Amadou Bâ est un homme qui marche sur des œufs et évite d’en casser. Du pur talent, non ?

Tout-puissant ministre de l’Économie et des Finances, Amadou Bâ est devenu, un “homme sans portefeuille” après un passage à la tête du département des Affaires étrangères. Mais, même en retrait, il continue de subir les coups de ses “frères” de parti qui voient en lui un futur adversaire du président de la République Macky Sall. Ses dénégations n’y changent rien.  Il garde la sérénité. En apparence. Malgré tout.

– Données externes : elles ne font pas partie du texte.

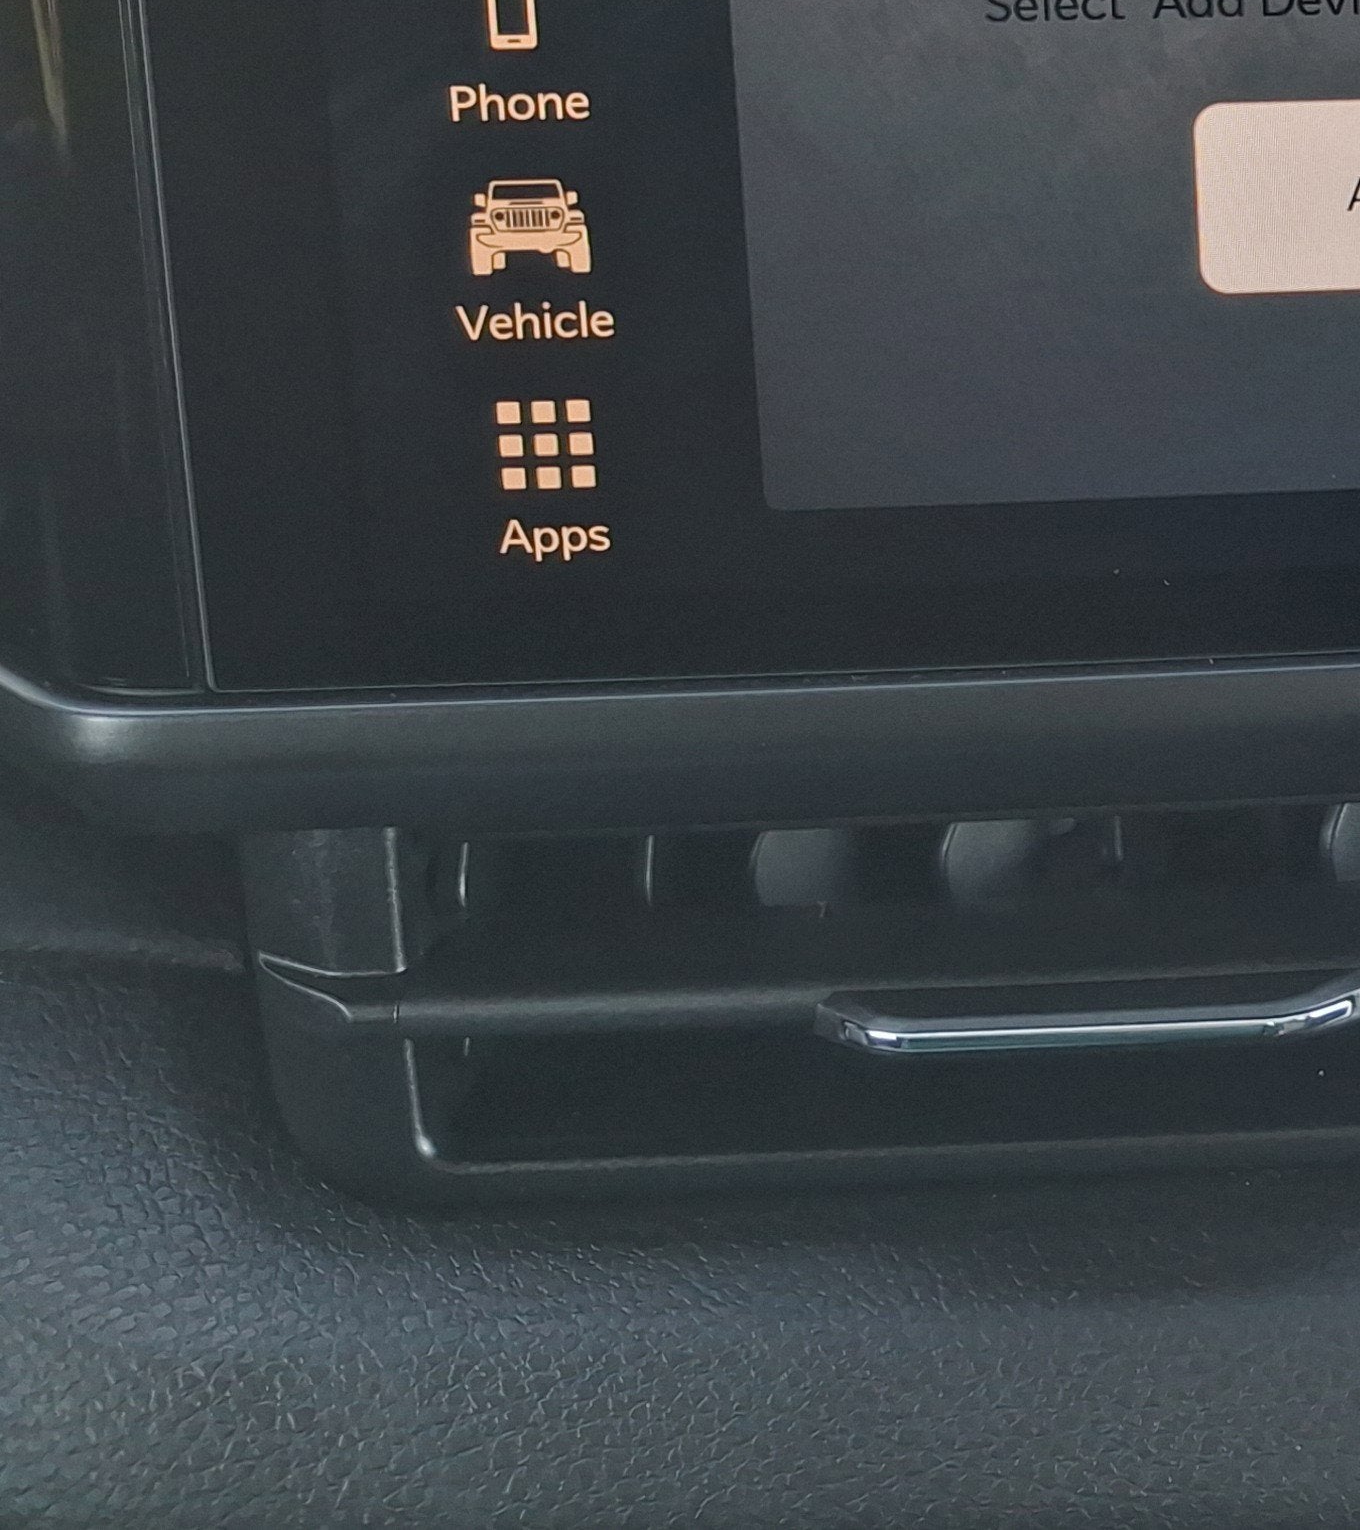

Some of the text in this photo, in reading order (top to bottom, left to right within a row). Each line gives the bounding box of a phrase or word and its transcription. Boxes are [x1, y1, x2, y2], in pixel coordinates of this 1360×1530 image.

[448, 84, 591, 123] Phone
[454, 302, 617, 341] Vehicle
[500, 519, 611, 561] Apps

Amadou Bâ n’a pas changé de démarche même s’il est souvent “chargé”. Le samedi 8 mai 2021, lors de la rencontre des femmes de l’Alliance pour la République aux Parcelles Assainies, il a encore essuyé des critiques à peine voilées du chargé de la marche des structures de l’Alliance pour la République (Apr).  Pour Mbaye Ndiaye, l’ancien ministre des Affaires étrangères “ne doit pas écouter les gens qui vous disent que c’est toi plutôt que d’écouter le président Macky Sall. Personnellement, je n’ai jamais dit à qui que ce soit de vous soutenir”. Il ajoute : “Que les gens arrêtent d’être des hypocrites. Celui qui m’intéresse, c’est le président Macky Sall. Je dirai aux Parcellois de vous soutenir mais dans la logique d’être auprès du président Macky Sall”. Une manière claire de montrer à ce responsable local de l’Apr, à qui on prête de grandes ambitions, de “faire attention”.

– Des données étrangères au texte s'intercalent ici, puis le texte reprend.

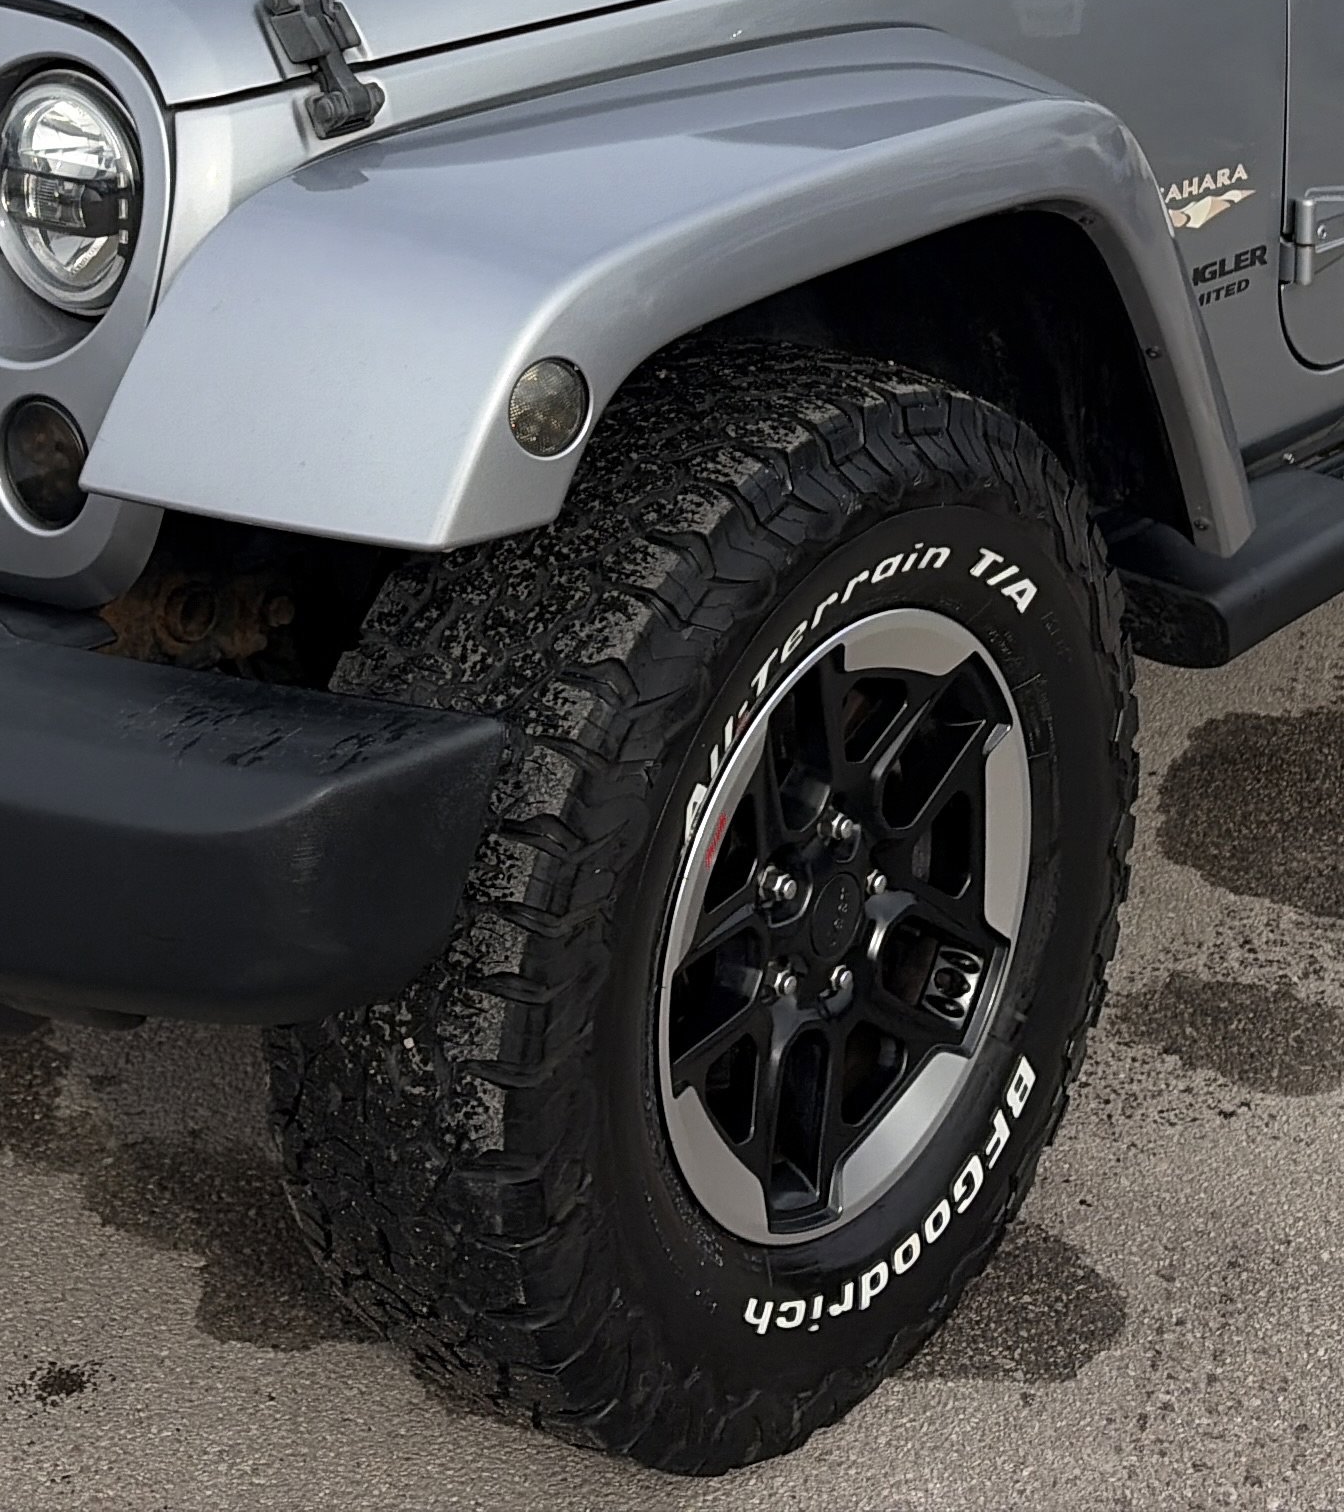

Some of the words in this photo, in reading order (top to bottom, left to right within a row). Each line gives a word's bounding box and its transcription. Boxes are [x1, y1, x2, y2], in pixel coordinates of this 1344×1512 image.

[1159, 163, 1248, 203] AHARA
[969, 548, 1039, 614] T/A
[744, 1055, 1036, 1335] BFGoodrich

Comme prévu, la réponse d’Amadou Bâ est tombée : « Avant de venir faire de la politique ici aux Parcelles Assainies, j’avais déjà fait trois ans dans le gouvernement. Nous ne sommes pas en chefferie, ici. Ce qui importe c’est l’engagement auprès des populations des Parcelles, prendre en compte leurs préoccupations et surtout travailler dans l’unité. C’est extrêmement important… »

Comme pour montrer des gages de fidélité, Bâ est allé jusqu’à dire que les billets pour La Mecque qui ont été offerts lors de cette rencontre, “c’est au nom du président de la République”. Sa posture consiste ainsi à montrer qu’il ne “sera que ce que Macky voudrait qu’il soit”.

La vie politique de cet inspecteur des Impôts et des Domaines est ainsi faite depuis 2013, quand il a été nommé ministre de l’Économie et des finances en remplacement d’Amadou Kane : obligé de tisser sa toile discrètement tout en résistant aux coups de boutoir de ses “frères ennemis”, comme le chef de cabinet du président Mame Mbaye Niang.

Profil…bas

Aux Parcelles Assainies, populeux quartier de la banlieue de Dakar, il compte parmi les responsables les plus en vue. Lors des dernières législatives, il a pesé de tout son poids, pour la victoire de sa coalition Benno Bokk Yakaar devant Taxawu Sénégal, large coalition dirigée par Khalifa Sall, alors en prison. Dans cette “équipe adverse” se trouvait un certain Idrissa Seck aujourd’hui en bonne place avec Macky. Moussa Sy actuel maire des Parcelles assainies devenu allié du pouvoir était aussi un de ses adversaires.

Au terme de ces législatives de 2017, après sa victoire à notamment, il a eu le triomphe si modeste : « Je suis sûr que sans la Première Dame, on n’aurait pas obtenu les résultats enregistrés », affiche Bâ, sans hésiter. Une façon à lui, de “magnifier les efforts” de la Première Dame Marième Faye. Des mots répétés à l’envi après le triomphe de 2019 à la Présidentielle. Un clin d’œil appuyé à l’épouse du chef de l’État alors qu’il quittait son poste de ministre de l’Économie pour celui des Affaires étrangères. Un changement qu’il ne prenait pas pour une sanction. Du reste, manifestement.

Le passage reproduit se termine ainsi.